Only My Health brings you a quick round-up of all the latest health news that you need to know.
According to a new study, a commonly prescribed class of migraine drugs called Triptans can be used in treating obesity.
For the new study, the researchers tested six prescription triptans in obese mice that were fed a high-fat diet for seven weeks. It was found that a daily dose of triptan led animals to eat less food and lose weight over the course of a month.
The study also suspects that patients would not have noticed the longer-term impacts of triptans on appetite and weight since it's generally prescribed for short-term use during migraines.
Triptans work by targeting a receptor called serotonin 1B receptor. This receptor was not previously well studied in the context of appetite and weight loss.
Scientists in the US have developed new tools that can identify SARS-CoV-2 variants of concern in wastewater up to 14 days before traditional clinical testing.
The study was published in the journal Nature and it states that the algorithm which is named Freyja can also identify new variants of concern up to 14 days before traditional clinical testing.
To quote Professor Kristian Andersen of Scripps Research, In a lot of places, standard clinical surveillance for new variants of concern is not only slow but extremely cost-prohibitive. But with this new tool, you can take one wastewater sample and basically profile the whole city."
The researchers noted that analysing wastewater is a cheaper, faster, and more accurate way for public health officials to detect rising cases.
However, until now, most wastewater analysis methods lumped all SARS-CoV-2 viruses together as one.
According to a study by Georgia State University, frequent video game players have superior sensorimotor decision-making skills and enhanced activity in key regions of the brain as compared to non-players.

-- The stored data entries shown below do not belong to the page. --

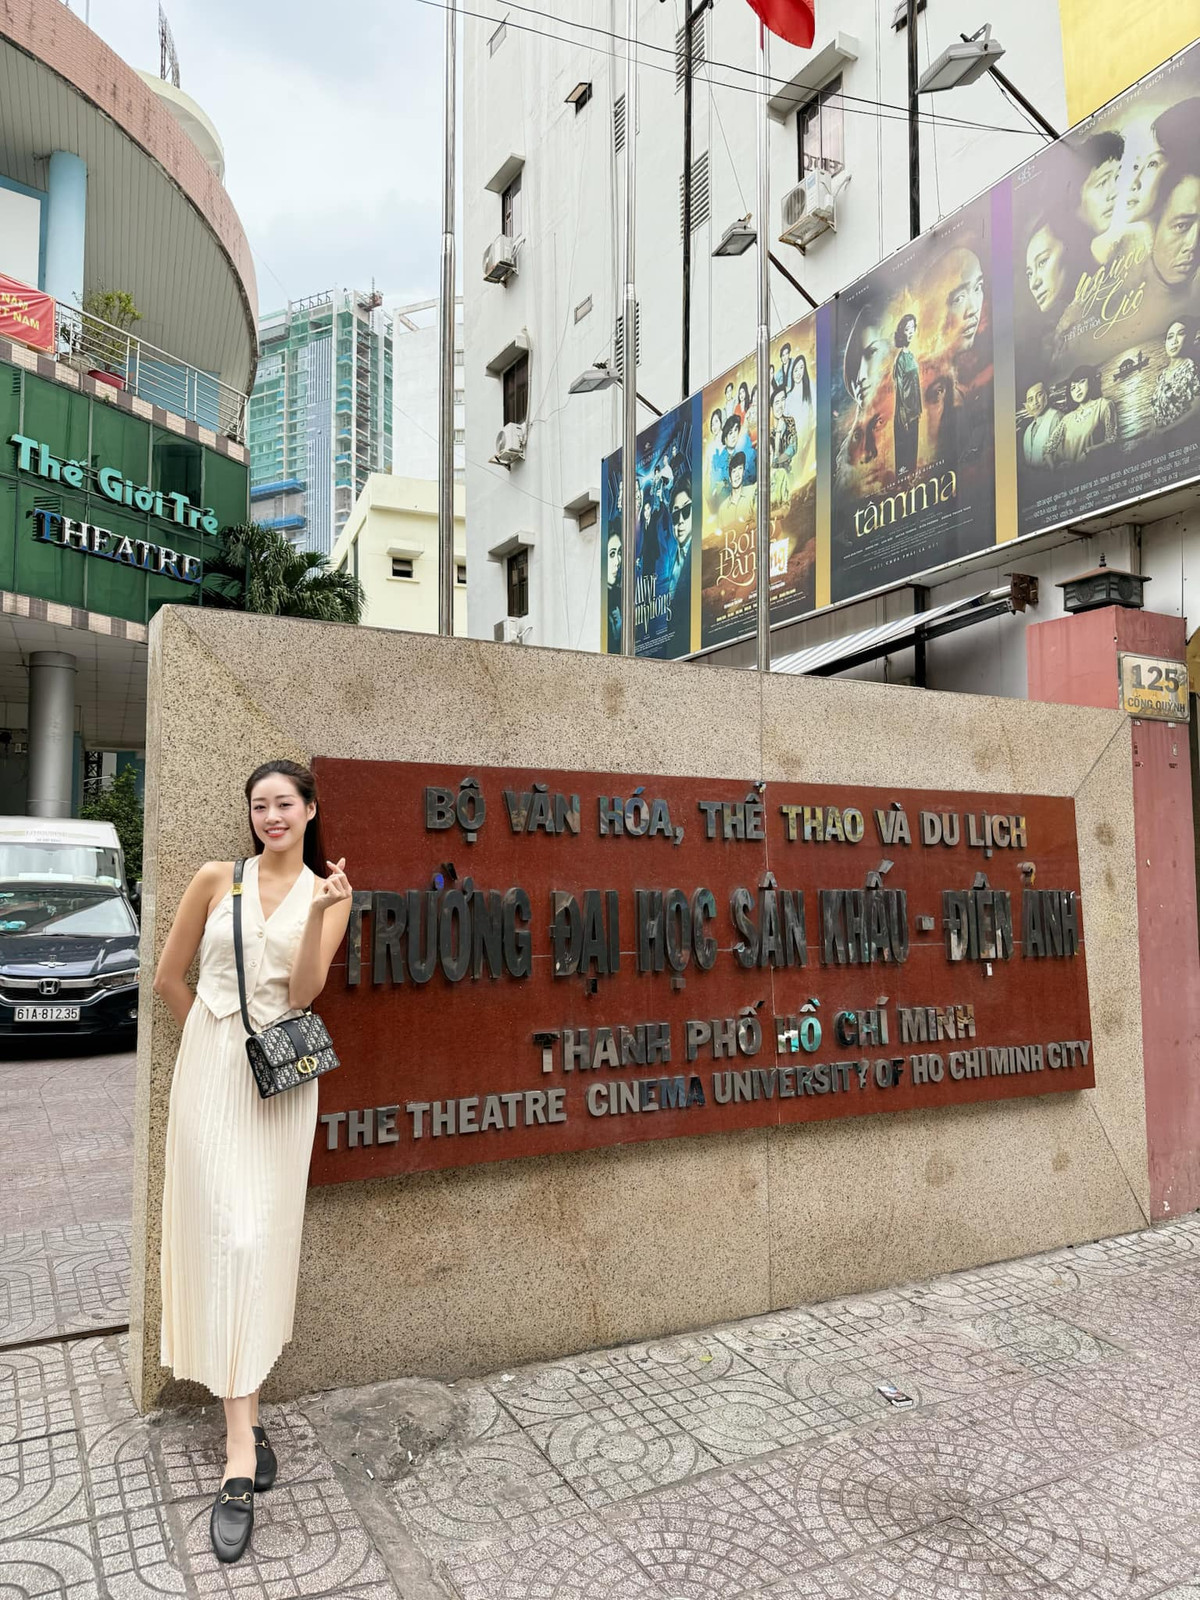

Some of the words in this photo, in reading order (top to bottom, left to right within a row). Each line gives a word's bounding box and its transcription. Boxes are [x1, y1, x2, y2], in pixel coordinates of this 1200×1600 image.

[12, 311, 40, 331] NAM
[11, 433, 88, 488] Thế
[99, 466, 163, 517] Giới
[168, 490, 219, 536] Trẻ
[34, 508, 201, 584] THEATRE
[1131, 664, 1180, 693] 125
[425, 777, 486, 843] BỘ
[503, 783, 581, 834] VĂN
[598, 786, 684, 845] HÓA,
[699, 781, 766, 840] THỂ
[779, 805, 865, 843] THAO
[874, 802, 911, 845] VÀ
[920, 811, 960, 846] DU
[965, 812, 1027, 858] LỊCH
[346, 862, 532, 985] TRƯỜNG
[549, 888, 620, 996] ĐẠI
[634, 887, 718, 990] HỌC
[730, 871, 808, 968] SÂN
[817, 859, 909, 967] KHẤU
[942, 871, 1014, 976] ĐIỆN
[1017, 861, 1080, 960] ẢNH
[17, 1007, 78, 1020] 61A-812.35
[533, 1022, 672, 1074] THANH
[685, 1000, 763, 1062] PHỐ
[775, 998, 822, 1055] HỒ
[834, 996, 890, 1047] CHÍ
[898, 1003, 977, 1044] MINH
[321, 1105, 400, 1150] THE
[406, 1088, 568, 1139] THEATRE
[586, 1076, 707, 1118] CINEMA
[713, 1059, 869, 1105] UNIVERSITY
[875, 1058, 905, 1089] OF
[910, 1053, 944, 1085] HO
[949, 1048, 987, 1081] CHI
[988, 1044, 1044, 1076] MINH
[1047, 1039, 1091, 1070] CITY

For the study, researchers used functional magnetic resonance imaging or FMRI which helped them discover that gaming could be a useful tool for training in perceptual decision-making.
The research involved 47 college-age participants, with 28 categorised as regular video game players and 19 as non-players.

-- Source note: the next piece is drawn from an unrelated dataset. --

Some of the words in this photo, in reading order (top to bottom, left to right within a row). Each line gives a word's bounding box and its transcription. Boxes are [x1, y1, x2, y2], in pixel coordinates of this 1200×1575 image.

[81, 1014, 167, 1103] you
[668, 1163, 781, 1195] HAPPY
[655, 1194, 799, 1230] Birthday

Analysis of the resulting brain scans found that the differences were correlated with enhanced activity in certain parts of the brain, and there was no trade-off between speed and accuracy of response – the video game players were better on both measures.
These results indicate that video game playing potentially enhances several of the subprocesses for sensation, perception, and mapping to action to improve decision-making skills.